Pharmacokinetic and pharmacodynamic assessment of novel and biosimilar insulins

Abstract

Background Advances in insulin therapy have resulted in a wide and ever-expanding range of rapid-acting and long-duration insulins. Development of novel insulins e.g. through application of recombinant DNA technology or based on advanced insulin formulation platforms aim to improve insulin pharmacokinetics and pharmacodynamics. Demonstration of clinical safety and efficacy is required as a novel insulin progresses from preclinical to clinical development. The euglycemic clamp technique is the method of choice for determining time-action profiles of new insulins and has a central role in the pharmacodynamic evaluation of biosimilar-also known as follow-on-insulins. Key Methods Available methods may be usefully considered as (a) indirect and (b) direct assessments of insulin pharmacokinetics and pharmacodynamics.

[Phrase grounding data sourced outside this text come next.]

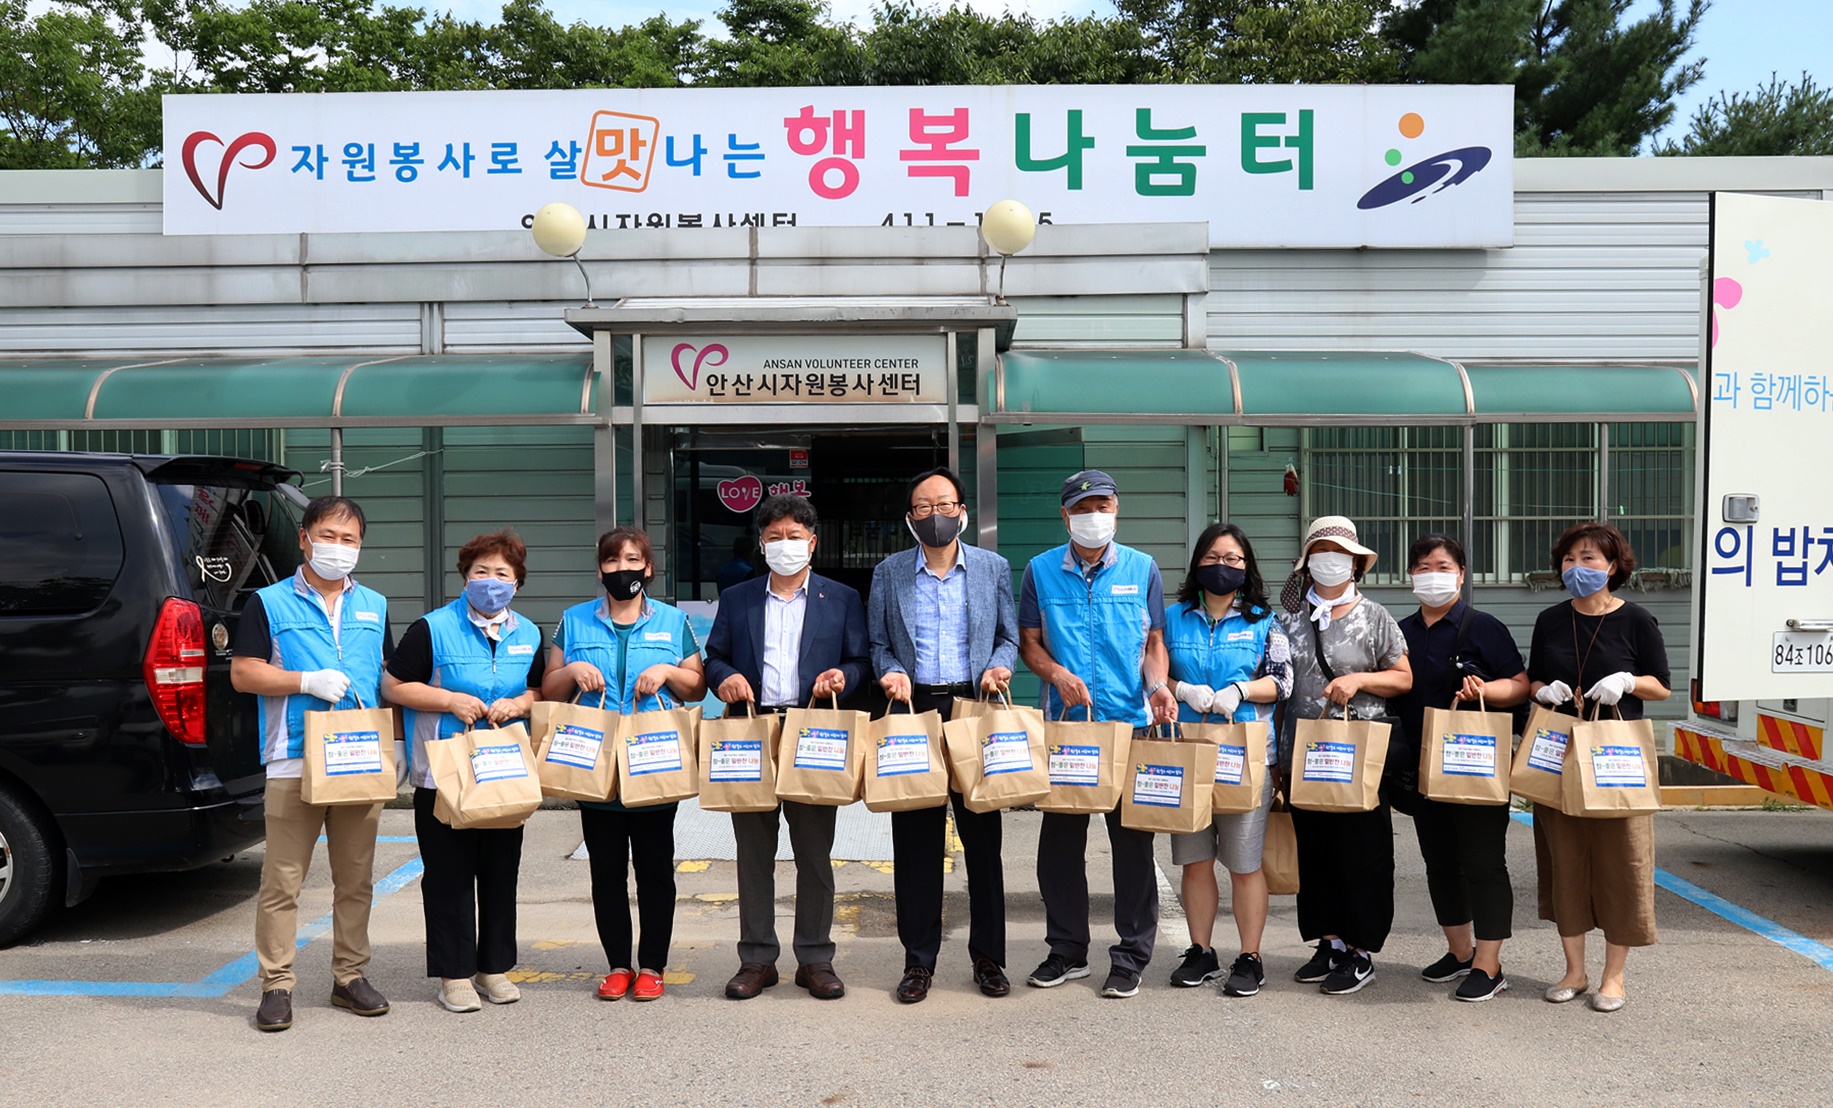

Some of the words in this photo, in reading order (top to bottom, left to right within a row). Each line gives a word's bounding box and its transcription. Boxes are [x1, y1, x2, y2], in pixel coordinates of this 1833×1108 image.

[290, 140, 523, 183] 자원봉사로
[544, 127, 766, 182] 살맛나는
[763, 359, 802, 369] ANSAN
[805, 359, 871, 369] VOLUNTEER
[874, 359, 919, 369] CENTER
[706, 373, 921, 397] 안산시자원봉사센터
[1713, 372, 1741, 409] 과
[721, 487, 760, 500] LOVE
[1712, 525, 1753, 587] 의
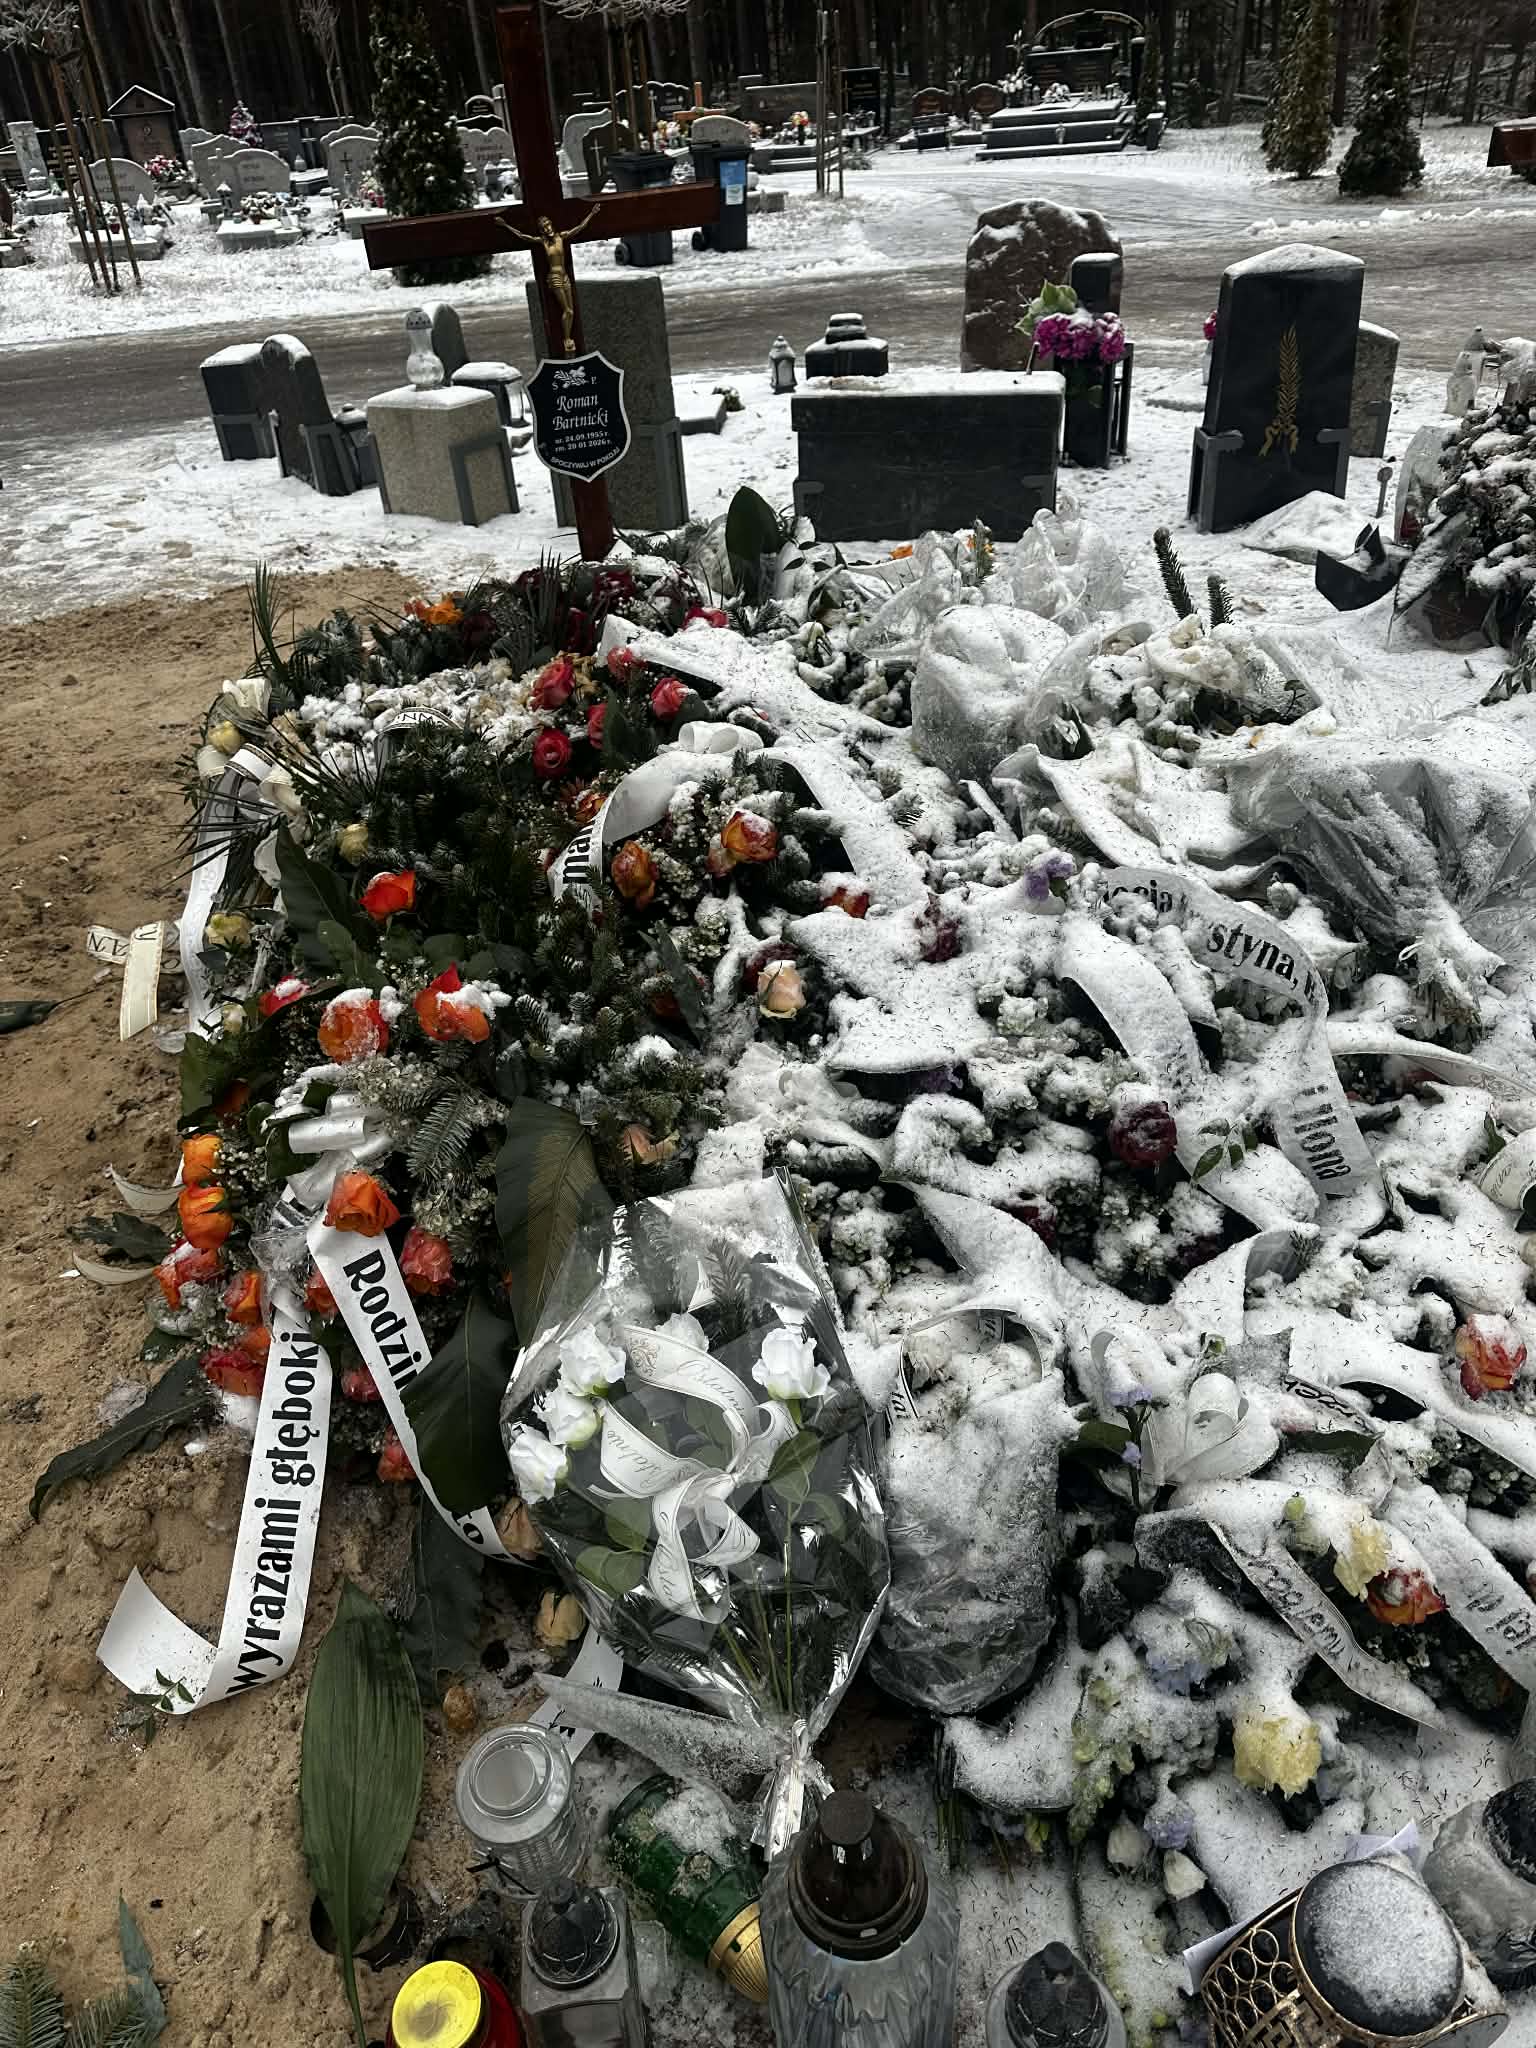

The advent of novel insulins and insulin delivery systems, e.g. inhaled insulin, adjunctive measures to alter insulin pharmacokinetics, and the development of biosimilar insulins, necessitate careful quantification. The euglycemic clamp is unrivalled in providing combined pharmacokinetic and pharmacodynamic information that informs the development of new insulins and optimization of insulin therapy. The euglycemic clamp technique is also crucial for the pharmacodynamic evaluation of biosimilar insulins.